I have a Threadripper 2990WX installed on an MSI X399 SLI PLUS, cooled by a Noctua NH-U14S TR4, with 32GB of G.Skill 3600MT/s CL19. The motherboard's VRMs are actively cooled by a 3300rpm 60mm fan (that happens not to be too noisy). I use the latest (A60) BIOS for the motherboard.
In the BIOS, I have set "Precision Boost Overdrive" to "Manual", and set a maximum socket power of 350W, TDC of 250A and EDC of 350A. I have also applied a negative voltage offset of 0.08V, because PBO was applying too much voltage (my CPU is rock-stable at manual 3.5Ghz 1.06V, PBO was applying 1.16-1.18V). The problem I describe below also happens when no voltage offset is in use.
When I run benchmarks, I observe two seemingly incoherent behaviors:
- MPrime: the total package consumption jumps to 350W, all the cores boost to 3.45 Ghz (1.11V). After 30 seconds, Tdie reaches 68C and the processor throttles to 550 Mhz for half a second, then continues with the benchmark. Throttling happens every 4 to 5 seconds. The VRM temps are 81C.
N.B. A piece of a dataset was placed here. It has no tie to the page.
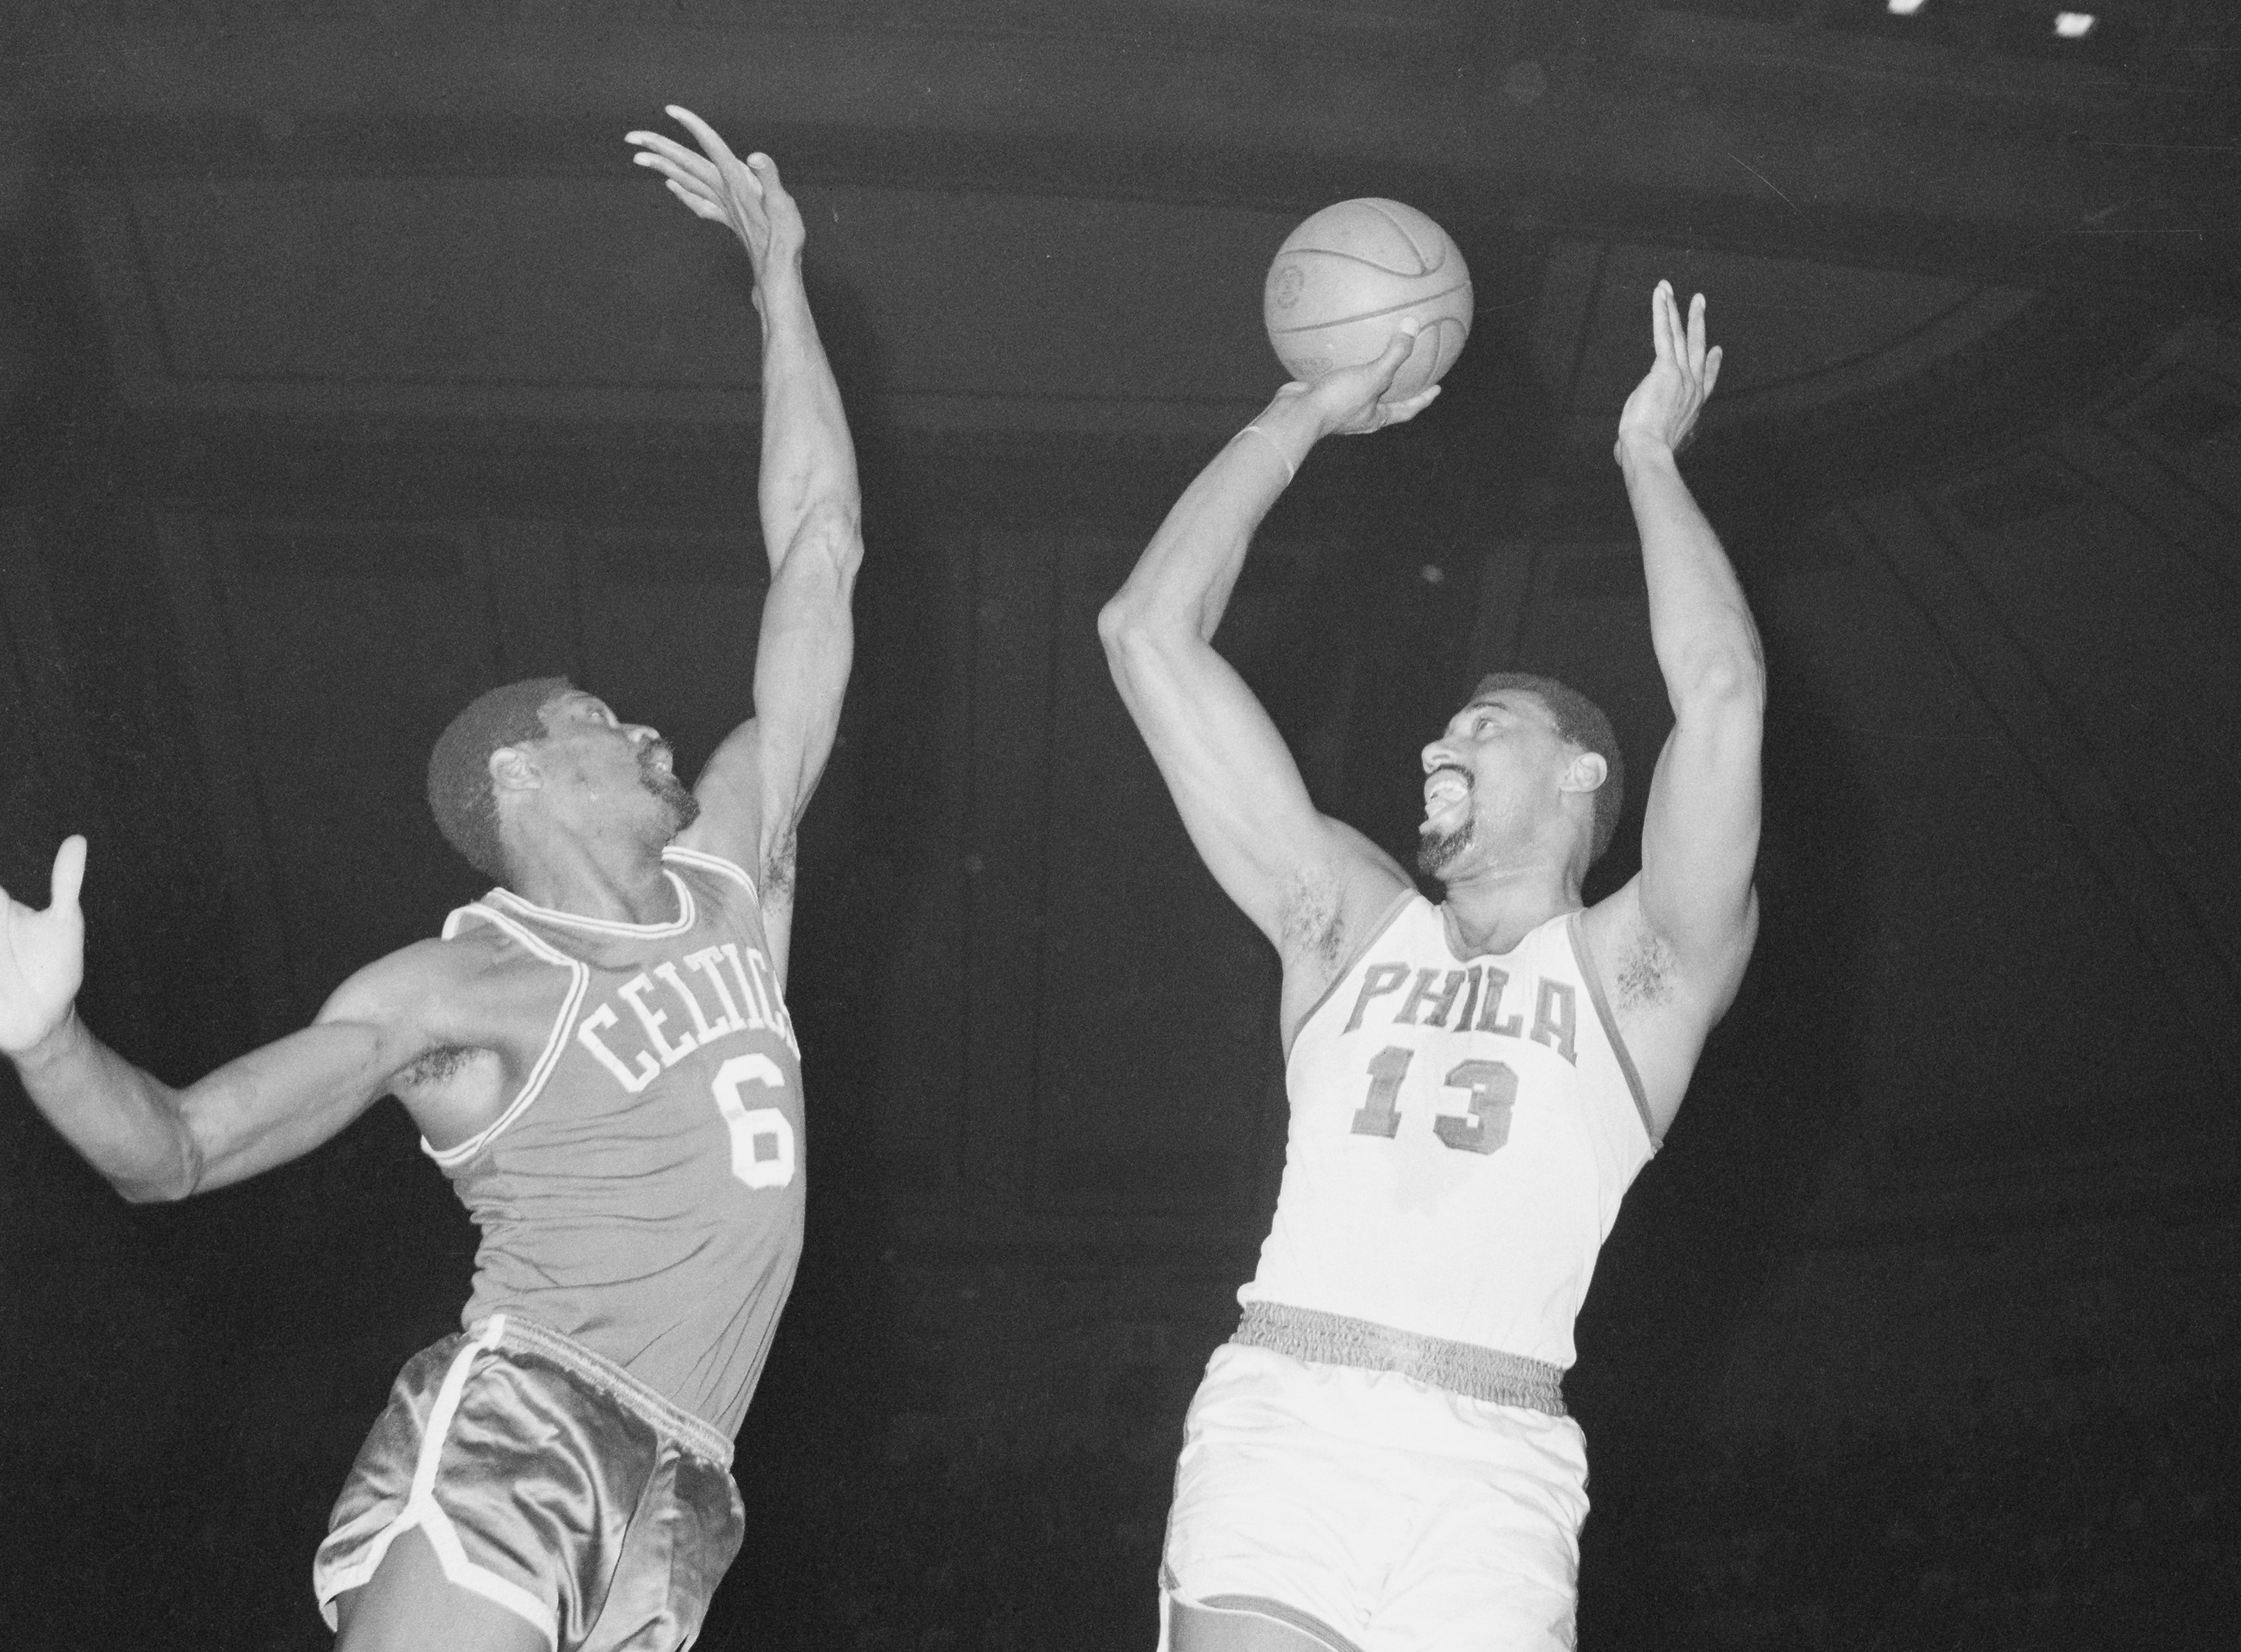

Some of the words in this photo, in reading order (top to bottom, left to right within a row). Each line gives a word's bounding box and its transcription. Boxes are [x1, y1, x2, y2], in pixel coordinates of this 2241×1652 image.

- My own Python and Numpy code, that mixes AVX and regular integer instructions, on all 64 threads: the total package consumption jumps to the same 350W, all the cores boost to 3.6Ghz (1.18V), but the temperature stabilizes at 62C. The VRM temps are 75C.
Where is that energy going? Why is MPrime, consuming 350W total package power, somewhat producing more heat than my code, also consuming 350W? Because I'm running Linux, I don't have access to Ryzen Master. I use rapl-read-ryzen, that uses the power consumption MSRs of Zen. The readings seem to be what PBO uses (even if they may be incorrect), as they are properly capped at 350W, as instructed in the BIOS.
Another question is why PBO allows the CPU to reach throttling temperatures? Isn't it supposed to slowly decrease the frequency when we approach 68C?
Thank you for your advice